M H v C H (342/2018) [2023] ZAECGHC 7 (12 January 2023)


Editorial note: Certain information has been redacted from this judgment in compliance with the law.


IN THE HIGH COURT OF SOUTH AFRICA

EASTERN CAPE DIVISION, MAKHANDA

CASE NO: 342/2018


In the matter between:


M[…] H[…] Applicant


and


C[…] H[…] Respondent




JUDGMENT




Rugunanan J


  1. The applicant, who represents himself, essentially seeks interdictory relief for a stay of execution pending an application to set aside a writ of attachment issued by the registrar of this court on 23 February 2022. The writ directs the sheriff ‘to attach and take into execution the incorporeal property, being the right title and interest in and to the [applicant’s] shares in a business known as P[…] C[…], Port Alfred. The writ describes the business as a private company with registration number […] and address at C[…] Street.

  2. The background culminating in these proceedings appears hereafter.
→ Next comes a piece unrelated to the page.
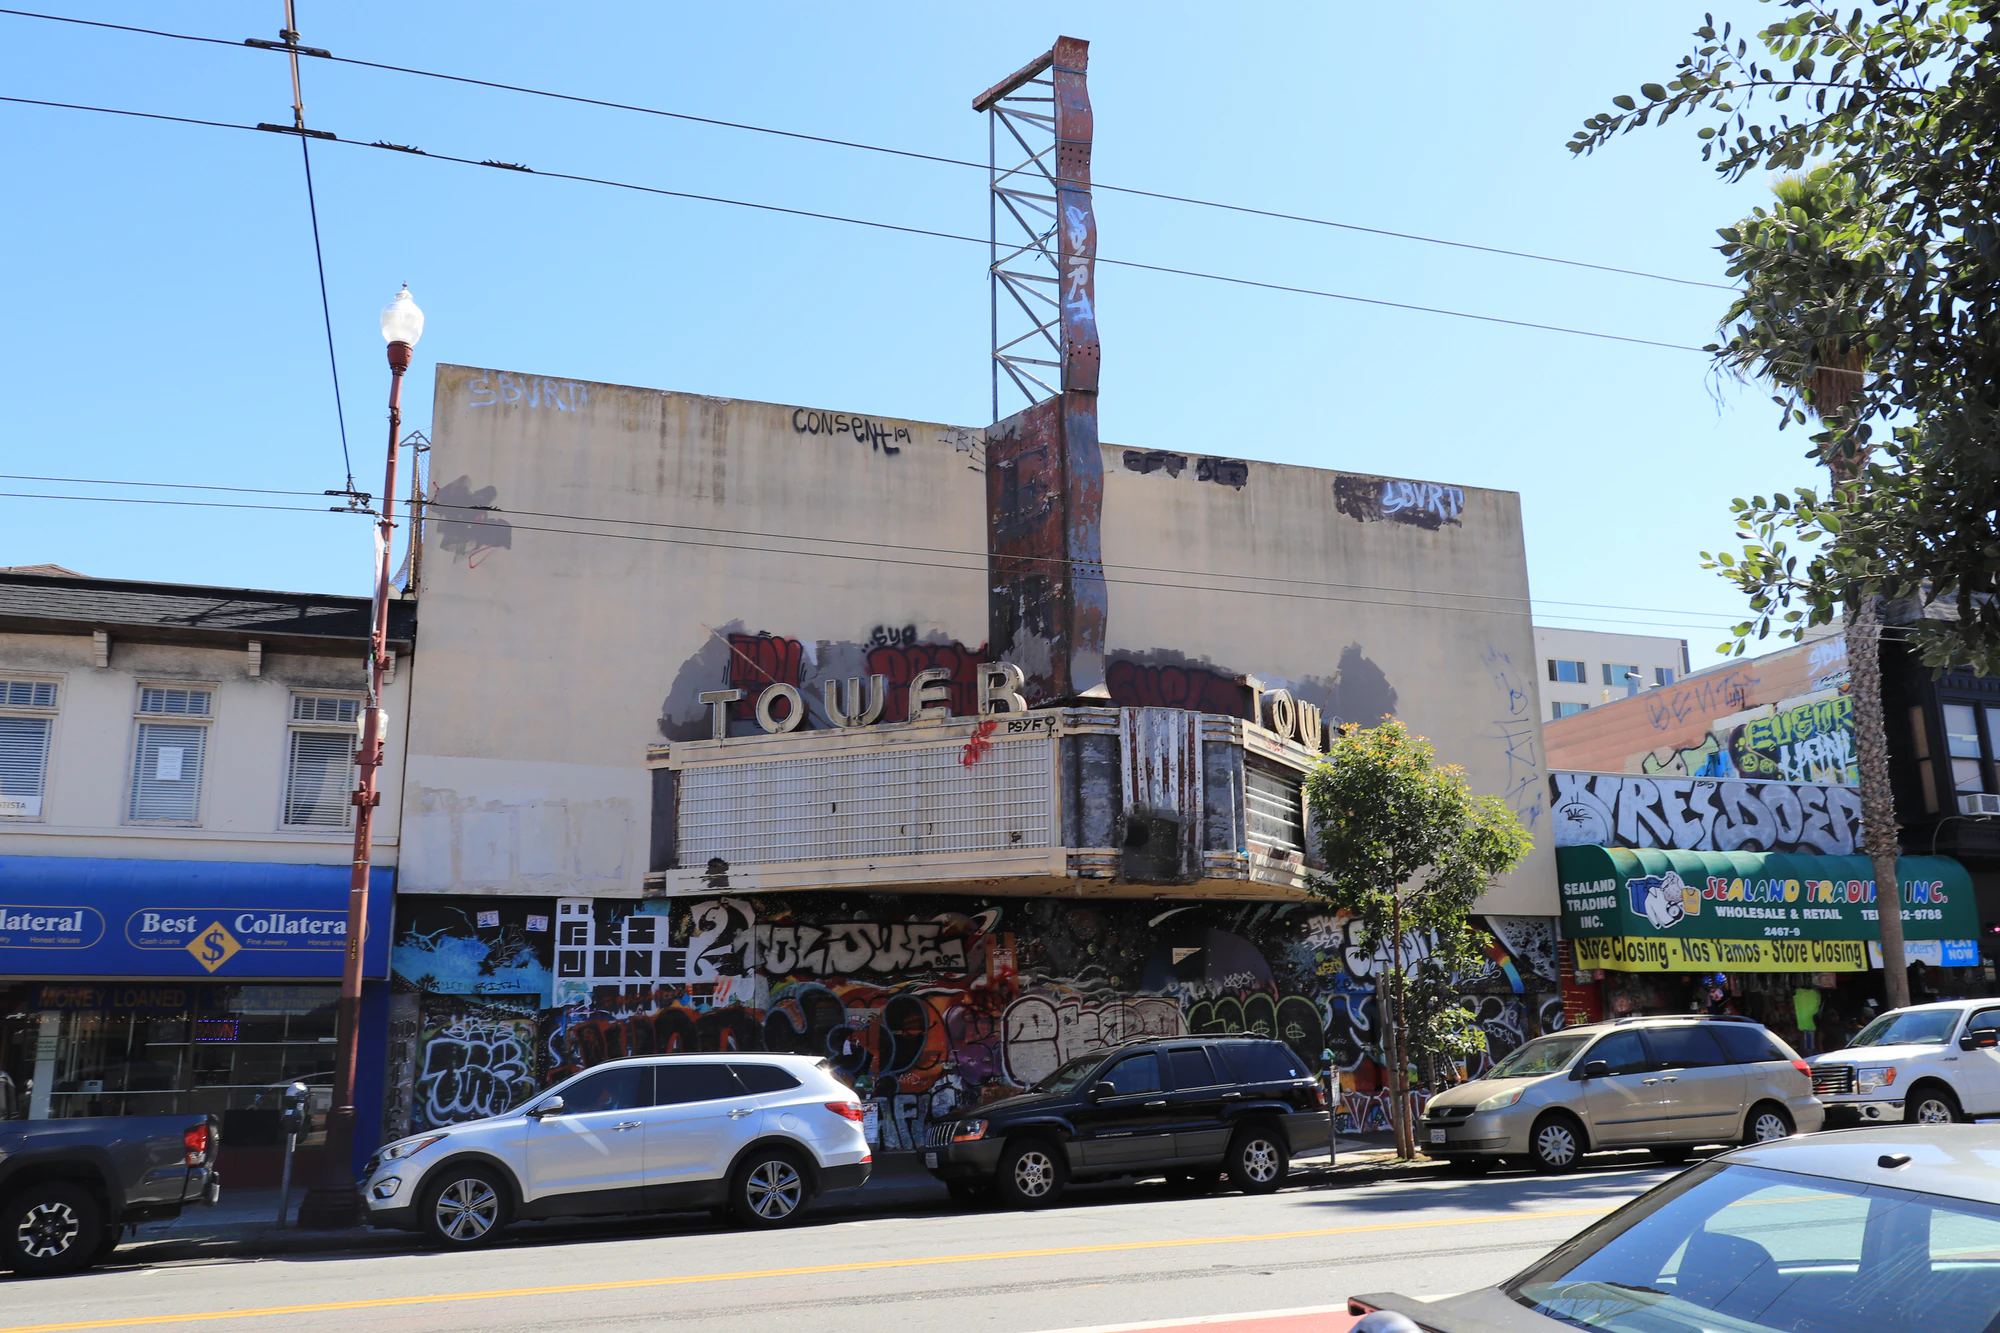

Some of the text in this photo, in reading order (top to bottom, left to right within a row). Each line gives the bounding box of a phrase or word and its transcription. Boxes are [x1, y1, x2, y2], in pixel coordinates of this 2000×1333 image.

  3. In a settlement agreement concluded between the parties and made an order of court on 30 April 2019 (the settlement order), the applicant (as defendant) undertook to pay to the respondent (as plaintiff) post-divorce spousal maintenance at the rate of R10 000 per month. An additional amount of R4 000 for maintenance and education would be paid in favour of one of four sons, then a minor, born of the marriage. At the time of the divorce the parties had a business trading as P[…] C[…] in which the respondent held shares approximately valued at R369 000. In the negotiations that culminated in the settlement, the shares were traded for the maintenance order granted in favour of the respondent. This resulted in the applicant acquiring sole ownership of the business. (Parenthetically, the applicant states in his replying affidavit that no formal shares were issued (or transferred) in his favour, and urges this court to deduce that he is the sole board member (presumably intended to mean sole proprietor)).

  4. During November 2019 and due to lack of financial means as also the applicant’s grievance about legal costs and his protestation that his legal representatives caused him to sign the settlement agreement under duress, the applicant stopped paying the agreed amount of maintenance to the respondent. On his own version the applicant admits that he ‘reneged on payment’. He continued, however, paying the amount due to his son.
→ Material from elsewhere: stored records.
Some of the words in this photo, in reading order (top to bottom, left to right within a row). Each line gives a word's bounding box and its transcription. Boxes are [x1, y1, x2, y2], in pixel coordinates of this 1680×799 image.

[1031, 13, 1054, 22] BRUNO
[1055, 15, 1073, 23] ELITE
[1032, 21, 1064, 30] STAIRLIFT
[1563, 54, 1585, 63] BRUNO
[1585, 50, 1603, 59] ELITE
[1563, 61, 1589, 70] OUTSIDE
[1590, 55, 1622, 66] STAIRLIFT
  5. In June 2020 the respondent instituted contempt proceedings against the applicant for his contravention of the settlement order. On 2 November 2020 this court, per Lowe J, granted the contempt application. A coercive order, directing the applicant to pay the respondent the arrear amount of R124 454 in respect of his non-compliance with the maintenance component of the settlement order at the rate of R4 000 per month, was issued.

  6. In a unanimous judgment of the full court of this division1 delivered on 4 October 2022 (and from which I have extrapolated the above summary of the background to the matter), an appeal against the order given by Lowe J was dismissed.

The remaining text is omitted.